#### Problem
Under this line sits a listing. Repeat exactly and only its lines from the one holding "this 1250×1250 image." through the one holding "Some of the text"; skip pictures.

#### Given entries

____________

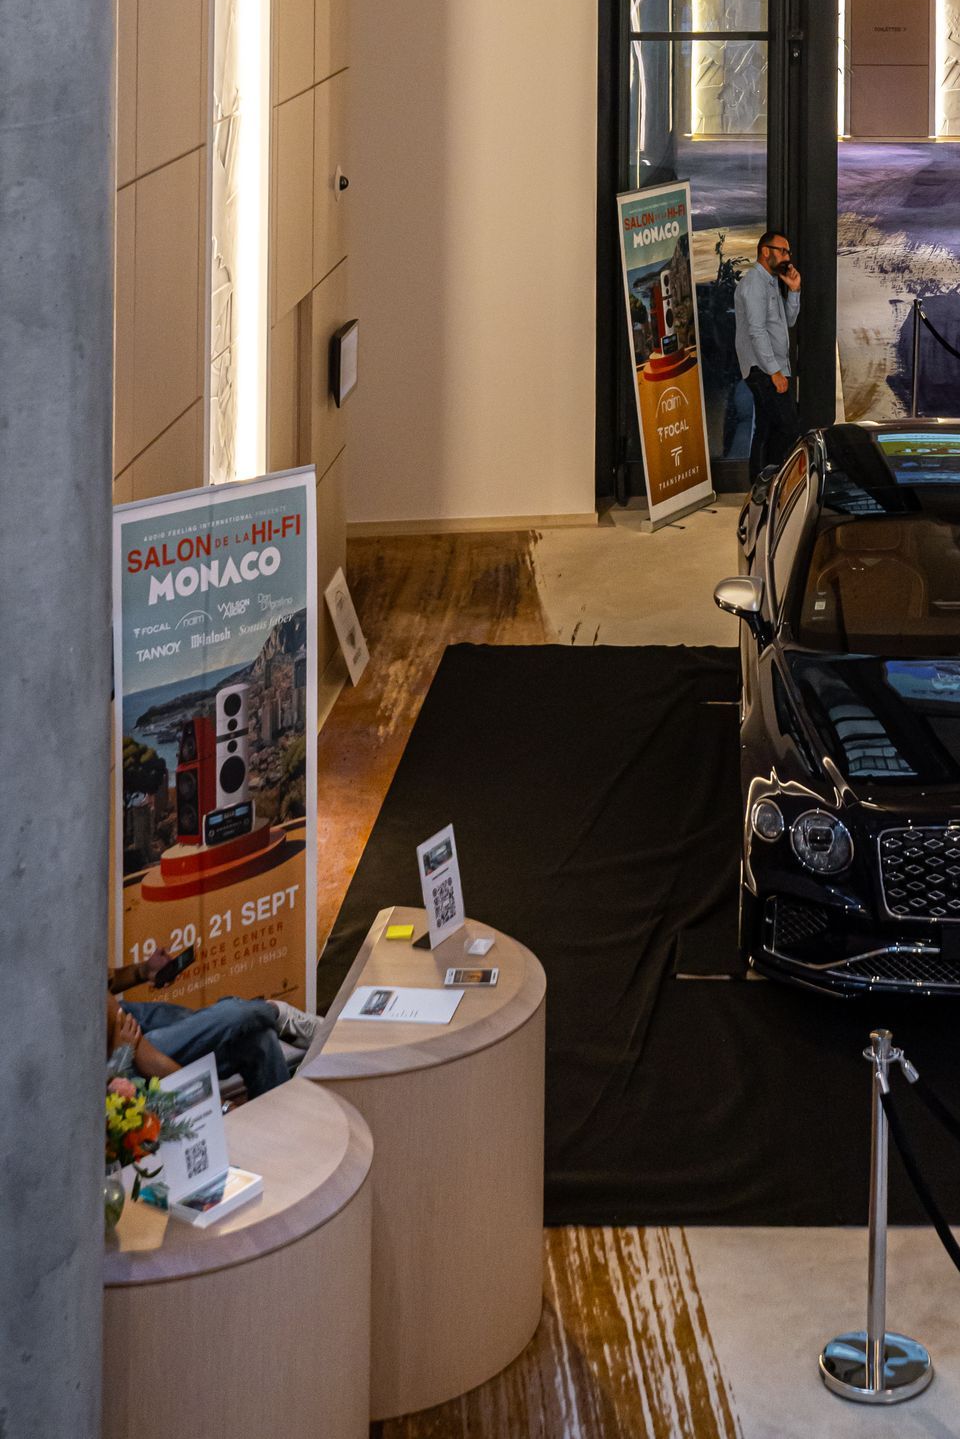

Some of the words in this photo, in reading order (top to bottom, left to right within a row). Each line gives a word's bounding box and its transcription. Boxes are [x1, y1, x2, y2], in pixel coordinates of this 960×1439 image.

____________

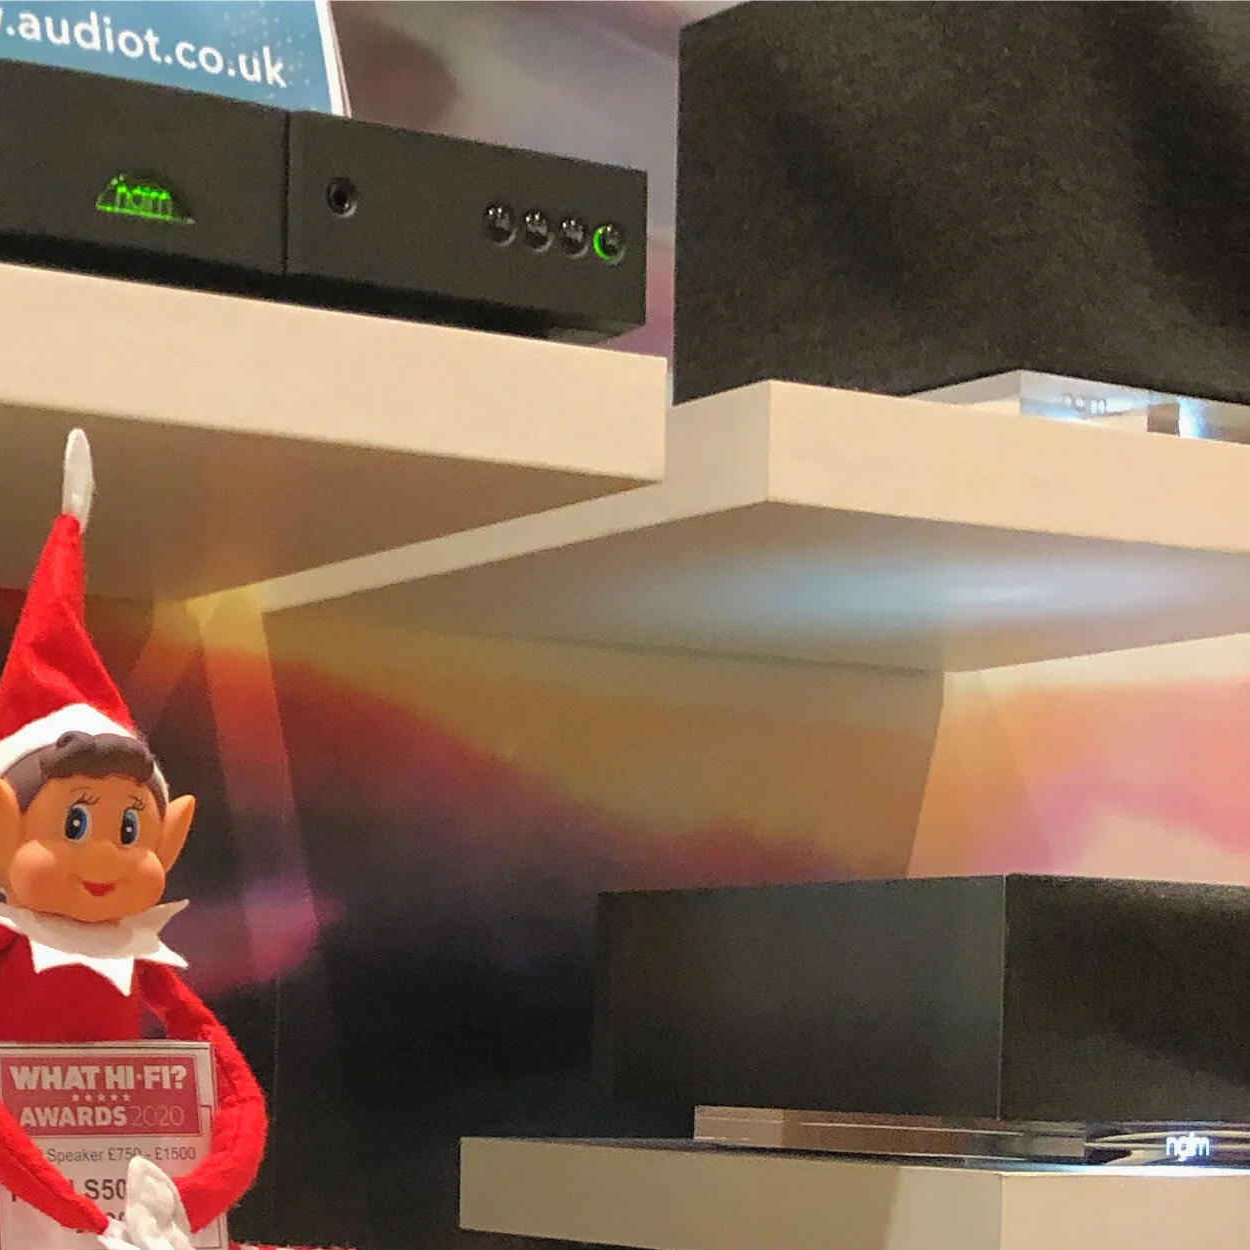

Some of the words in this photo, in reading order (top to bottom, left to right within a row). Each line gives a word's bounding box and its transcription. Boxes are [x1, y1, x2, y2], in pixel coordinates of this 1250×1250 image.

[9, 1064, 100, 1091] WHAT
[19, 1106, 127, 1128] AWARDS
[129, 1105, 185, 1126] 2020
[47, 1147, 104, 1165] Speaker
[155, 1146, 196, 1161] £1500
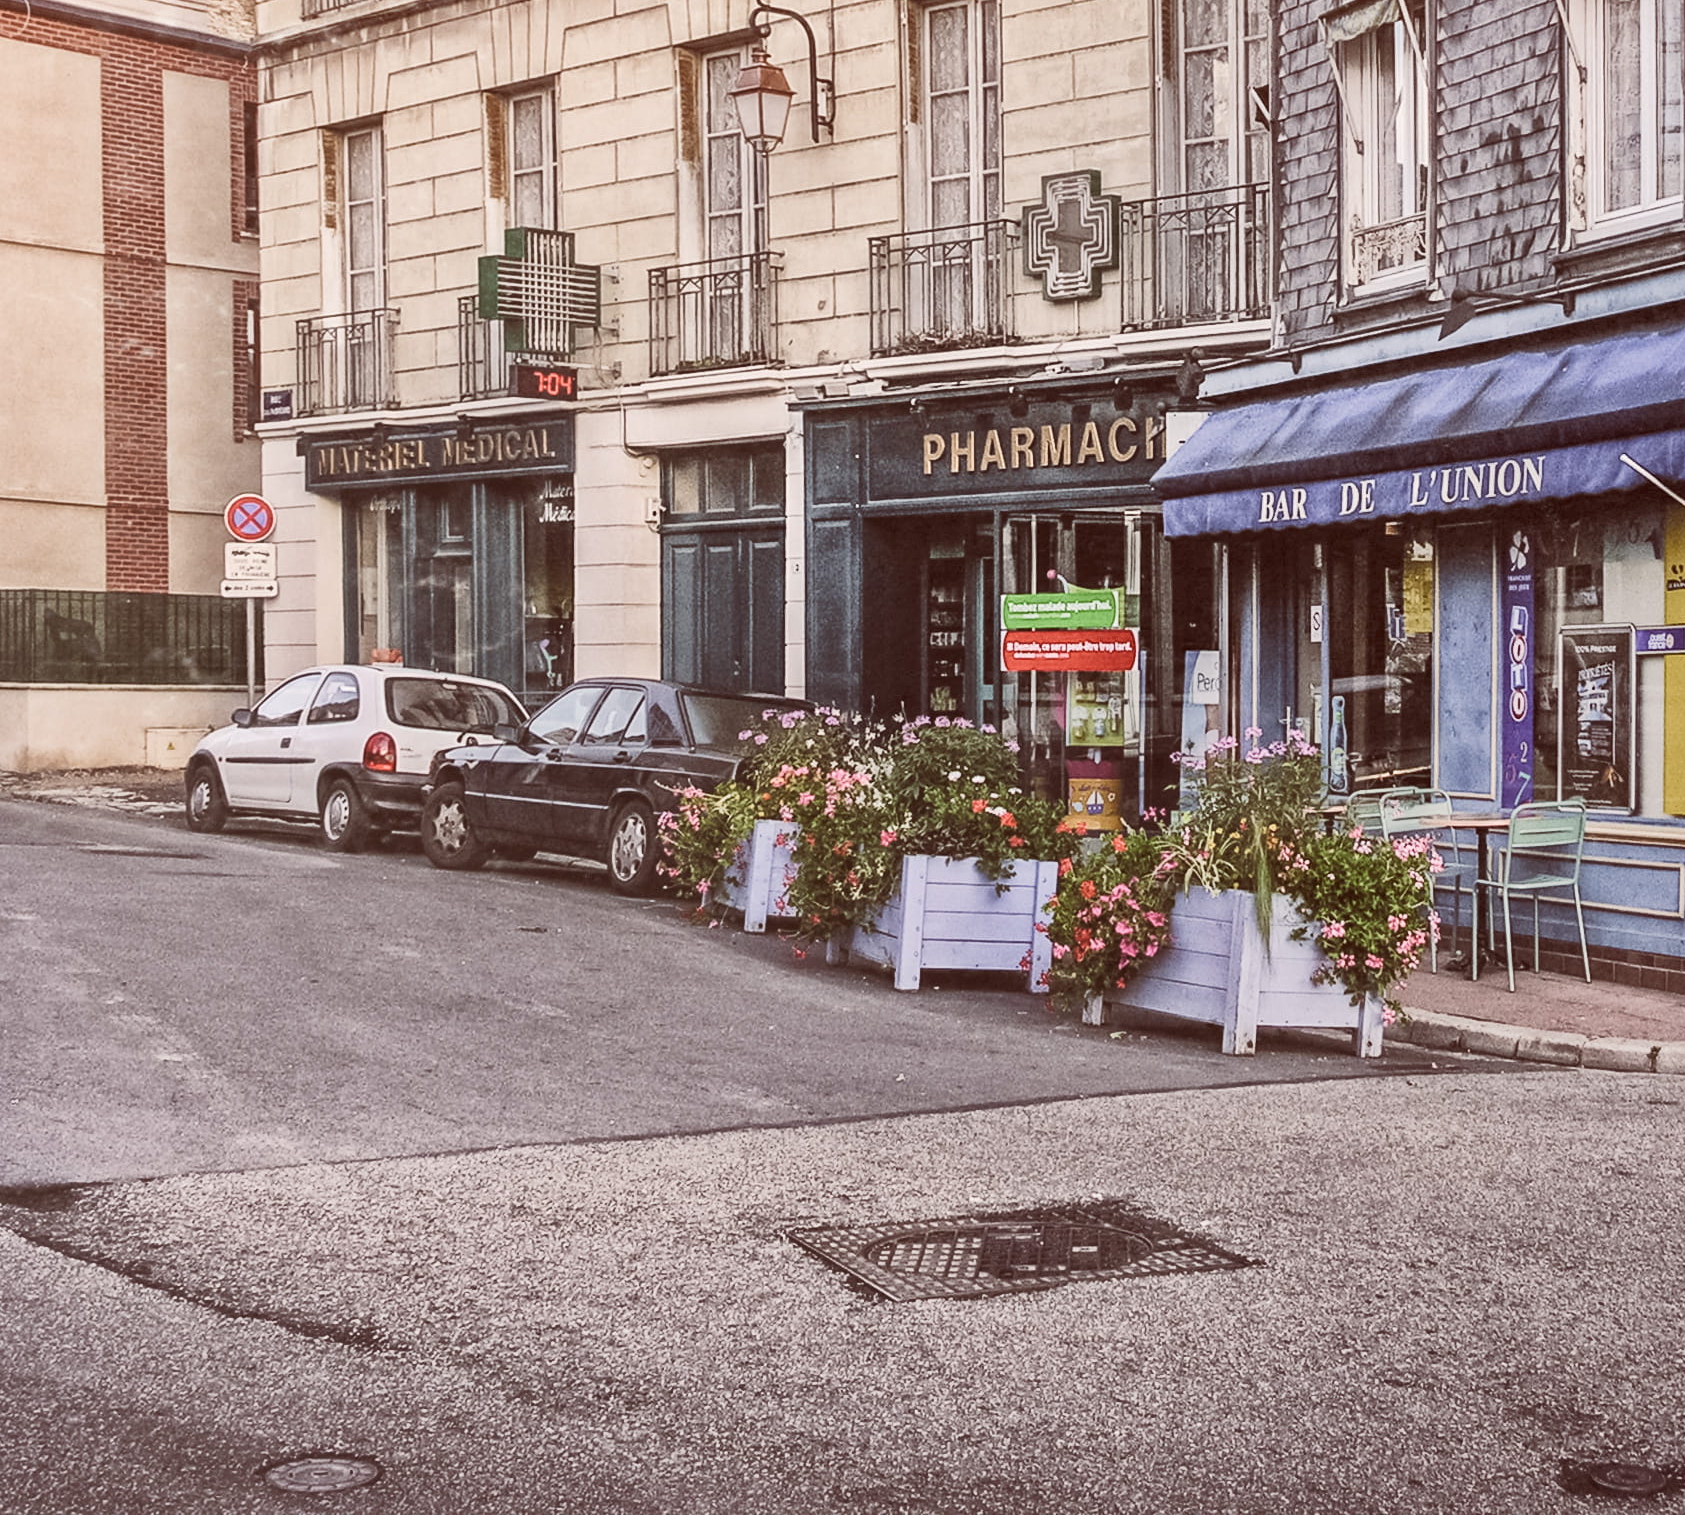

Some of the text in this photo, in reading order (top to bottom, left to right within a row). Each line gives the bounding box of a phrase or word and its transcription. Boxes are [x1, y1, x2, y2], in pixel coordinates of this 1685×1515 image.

____________

#### Response area
Some of the words in this photo, in reading order (top to bottom, left to right within a row). Each line gives a word's bounding box and its transcription. Boxes are [x1, y1, x2, y2], in pixel coordinates of this 1250×1250 image.

[9, 1064, 100, 1091] WHAT
[19, 1106, 127, 1128] AWARDS
[129, 1105, 185, 1126] 2020
[47, 1147, 104, 1165] Speaker
[155, 1146, 196, 1161] £1500

Some of the text in this photo, in reading order (top to bottom, left to right within a row). Each line gives the bounding box of a phrase or word and its transcription. Boxes are [x1, y1, x2, y2], in pixel coordinates of this 1685×1515 image.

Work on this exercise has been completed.